A big, beautiful, luxurious car was certainly not absolutely necessary, but Daddy had always wanted one, and Grandad had always discouraged it. I should really say, forbidden it. Grandad Forman had been more than just the head of our household. He had ruled our lives with a stern, fundamentalist religious eye, seeing potential evil everywhere -- even, I was to learn, in his own face every time he looked in the mirror. As terrible as it was to think it, when he died, it was truly as if a heavy weight had been lifted from our shoulders. We could breathe, enjoy the fruits of our hard labor and not be afraid to laugh, listen to music, and appreciate beautiful things for themselves and not only their practical uses.

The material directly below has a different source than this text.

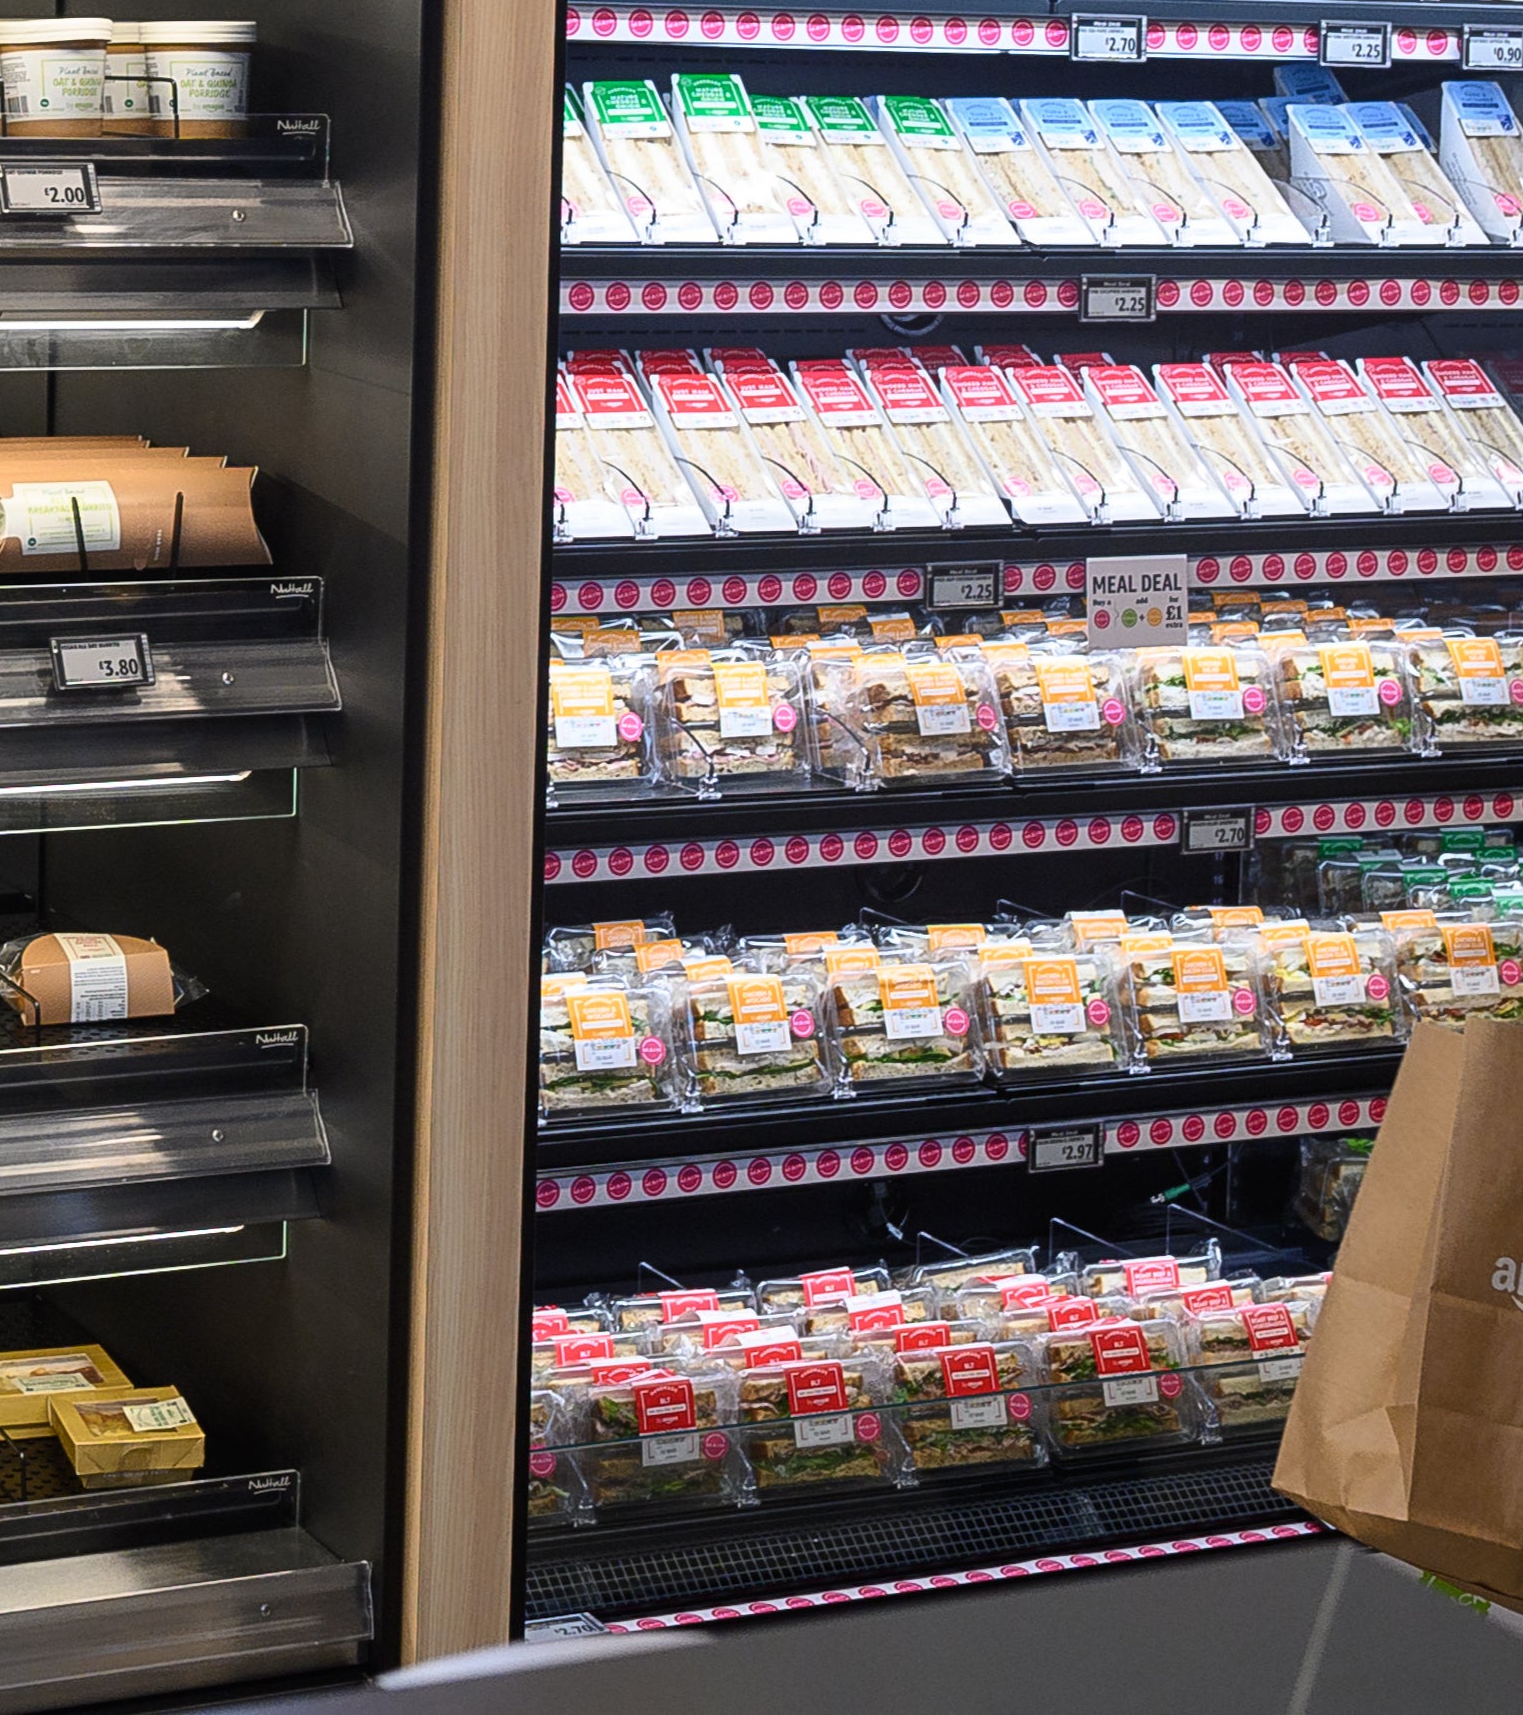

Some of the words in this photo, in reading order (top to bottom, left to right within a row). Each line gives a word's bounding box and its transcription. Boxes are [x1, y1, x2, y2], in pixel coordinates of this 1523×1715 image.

Nowhere was this more evident than in Daddy's face every time he gazed appreciatively at his new automobile. He had an expression similar to the one on his face whenever he gazed out at a field of fresh, healthy corn and knew we were going to enjoy another successful year. His heart was full. He was proud of himself. I could see it in his eyes. He was fulfilling promises I was sure he had made to himself, and maybe even to Mommy, years ago.
Daddy had also fulfilled a promise to my Uncle Simon, and built him his greenhouse right behind the cow barn. Uncle Simon, Daddy's older half-brother, was a giant of a man who, despite his size and strength, was the gentlest man I knew. Grandad had treated Uncle Simon poorly all his life, forcing him to leave school at a young age and do hard labor on the farm. He even moved him out of the main house and into a makeshift apartment above the cow barn.
Despite his great strength and size, Uncle Simon accepted his lot in life, but put all his best efforts and love into his flowers. He nurtured them as parents nurtured children, fingered the petals as someone would handle very valuable jewels, and even talked to them. They were almost always vibrant, healthy, and very beautiful. Soon his flowers became very famous. People stopped by to see them often, and then started to offer him money for them. Eventually, with Mommy's help, he had turned his hobby into a successful little business.